Attorneys for ‘duped’ migrants flown to Martha’s Vineyard

Attorneys representing Venezuelan asylum-seekers flown thousands of miles to an affluent holiday island in Massachusetts at the behest of Republican governors have formally requested authorities open a criminal investigation, claiming the victims were “induced to board airplanes and cross state lines under false pretences”.

Lawyers for Civil Rights (LCR), a Boston-based group representing 30 of the 48 people flown from Texas to Martha’s Vineyard on Wednesday, said: “Individuals, working in concert with state officials, including the Florida governor, made numerous false promises [to the migrants] – including of work opportunities, schooling for their children, and immigration assistance – in order to induce them to travel.”

According to LCR, which is providing pro bono legal assistance to the asylum-seekers, the Venezuelans were duped in what was essentially a coordinated political stunt targeting vulnerable people based on their race and country of origin. Those flown to the holiday island included women and children as young as two years old.

LCR has written to the US attorney Rachael Rollins and the Massachusetts attorney general, Maura Healey, requesting they open criminal investigations, as “we strongly believe that criminal laws were broken by the perpetrators of this stunt”.
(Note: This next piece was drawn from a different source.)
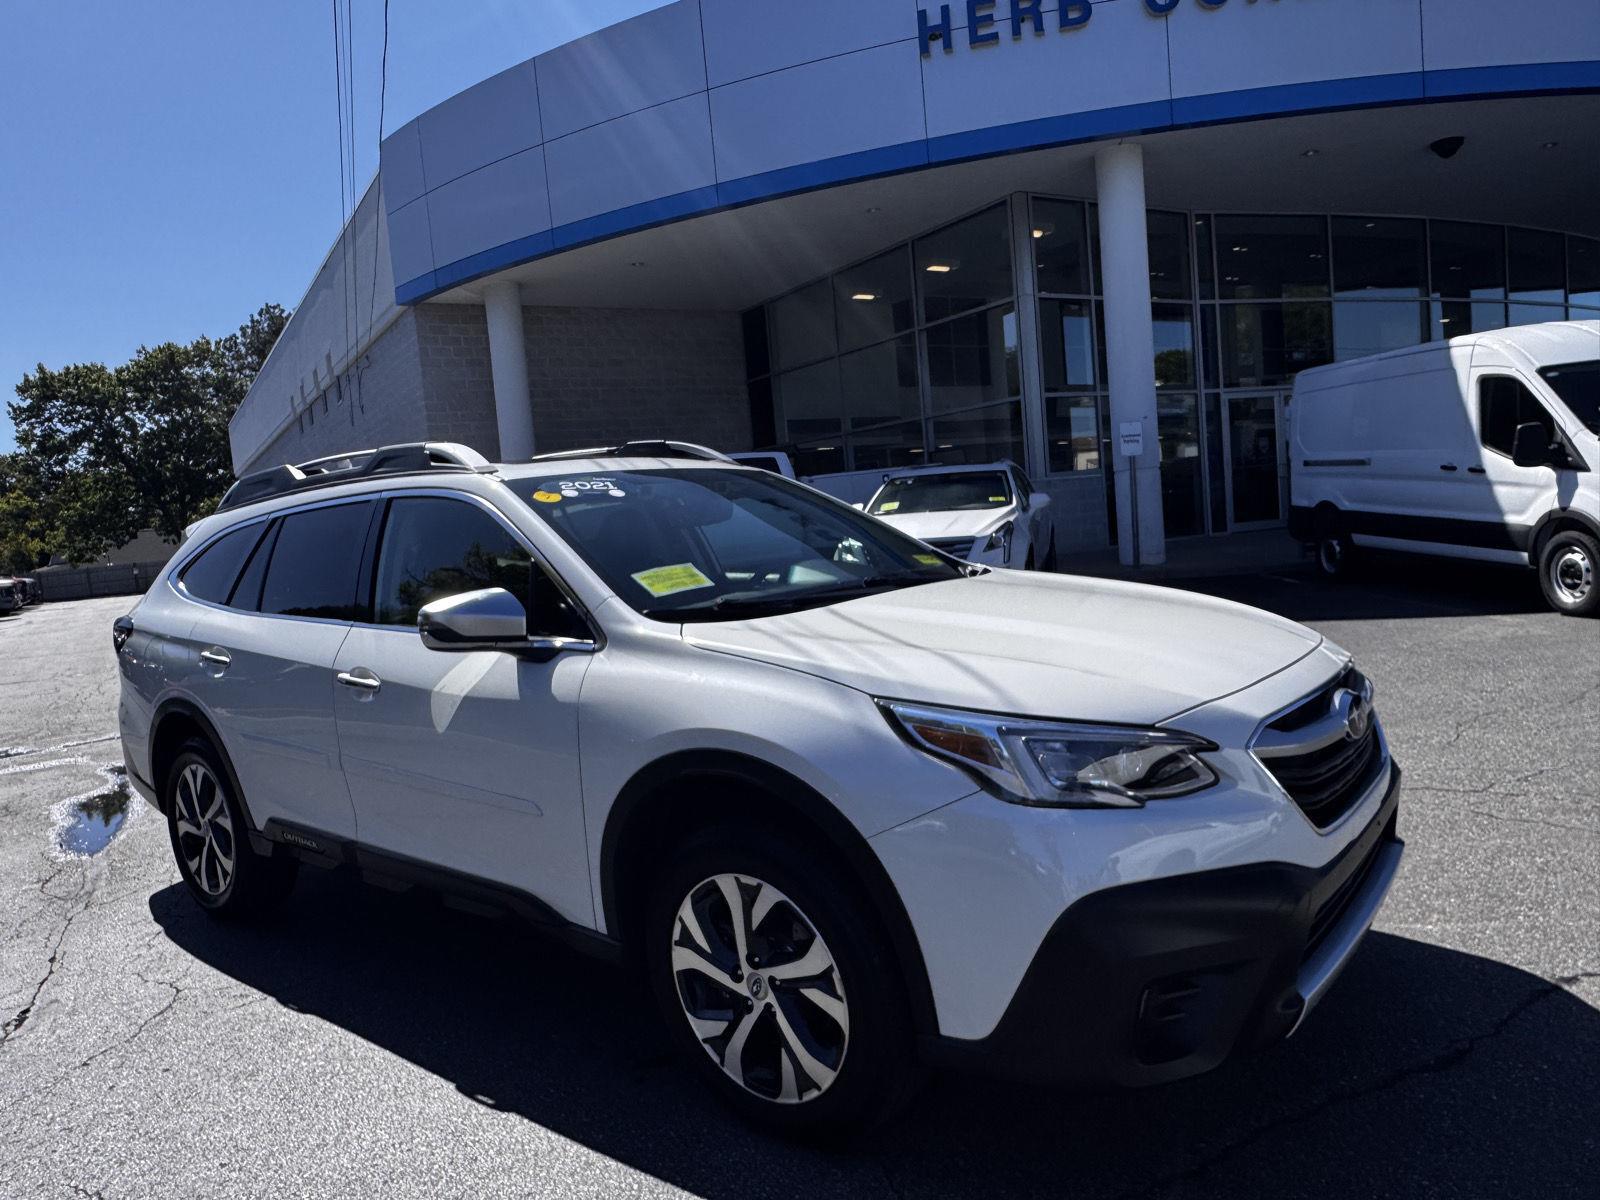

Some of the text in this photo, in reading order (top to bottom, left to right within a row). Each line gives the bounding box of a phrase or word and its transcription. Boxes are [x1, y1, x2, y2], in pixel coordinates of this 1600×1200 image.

[917, 0, 1093, 56] HERB
[558, 481, 618, 490] 2021
[283, 831, 321, 849] OUTBACK
In a statement, LCR said: “This cowardly political stunt has placed our clients in peril. Upon arrival, numerous individuals had to be rushed to the hospital, in need of medical care. Some now have immigration hearings as early as Monday thousands of miles away.”

It was only when the plane was midair that people were told they were heading to Martha’s Vineyard and not Boston, according to LCR. Florida governor Ron DeSantis has denied that the migrants were duped, claiming that they signed waivers knowing where they were going.
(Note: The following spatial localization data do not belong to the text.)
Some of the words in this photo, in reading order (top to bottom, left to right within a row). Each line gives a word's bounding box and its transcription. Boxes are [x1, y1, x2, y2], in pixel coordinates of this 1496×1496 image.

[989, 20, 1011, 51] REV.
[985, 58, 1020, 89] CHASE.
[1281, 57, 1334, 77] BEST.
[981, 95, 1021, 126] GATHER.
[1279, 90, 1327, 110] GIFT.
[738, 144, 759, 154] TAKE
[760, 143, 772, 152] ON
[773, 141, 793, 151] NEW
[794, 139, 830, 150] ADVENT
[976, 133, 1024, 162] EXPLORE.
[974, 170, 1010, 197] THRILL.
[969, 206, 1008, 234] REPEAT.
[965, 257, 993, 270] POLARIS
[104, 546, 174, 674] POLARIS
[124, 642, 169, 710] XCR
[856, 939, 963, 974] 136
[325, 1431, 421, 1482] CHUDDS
The political fallout may bring unintended consequences for DeSantis as Florida is home to the largest Venezuelan diaspora outside the country. The Venezuelan population in the US has more than doubled in the past decade amid an unprecedented exodus caused by the country’s economic and political crises, which have driven out millions of people from the once stable and prosperous South American country.

Local Venezuelan advocates and community leaders slammed DeSantis over the weekend, accusing the governor of political game playing.

The Martha’s Vineyard case is part of a series of legally and ethically controversial moves by southern border state Republican governors to transport migrants and asylum-seekers to so-called liberal cities to supposedly embarrass the Biden administration in the run-up to the midterm elections.

The governors of Texas, Arkansas and Florida, who say they are protesting what they describe as the failure by the federal government to secure the border, have spent millions of taxpayer dollars – including funds allocated for Covid relief – in bussing thousands of migrants and refugees to Washington DC, New York and Chicago. On Saturday, about 50 migrants, including a one-month-old baby, were sent in a bus from Texas to the Washington home of the vice-president, Kamala Harris.

The strategy, which has been condemned by the White House, Democratic officials, immigration lawyers and rights groups, has caused further stress and upheaval for many of the migrants and refugees, who are often trying to reunite with relatives while their legal asylum claims are processed in court.

A protest is planned for Sunday, when activists from the country’s oldest and largest Latino civil rights group, the League of United Latin American Citizens (Lulac), plan to make a human chain in order to physically stop further buses departing Eagle Pass, Texas.

“Lulac is going to counter the anti-migrant political hate speech, lies, and misinformation recruiters are using to entice men, women, and children in despair,” said Domingo Garcia, the group’s national president. “Governors Abbott, DeSantis, and others are toying with them like political piñatas with no concern for their well-being.”

Lulac is planning similar actions across the border, as part of a nationwide education campaign called Bust the Buses.

“This is a new threat – in addition to the cartels and extreme weather – so we need to be on the ground spreading the word so migrants know that there are rogue agents of the state trying to scam them,” Carlos A Martinez, Lulac’s social media manager, told the Guardian on route to Eagle Pass.

On Sunday Dick Durbin, chair of the senate judiciary committee, criticized the southern Republican governors for using migrants for “political purposes”.

“It is pathetic that these governors are taking advantage of these helpless people,” he said. “It’s always the kids that end up being the victims.”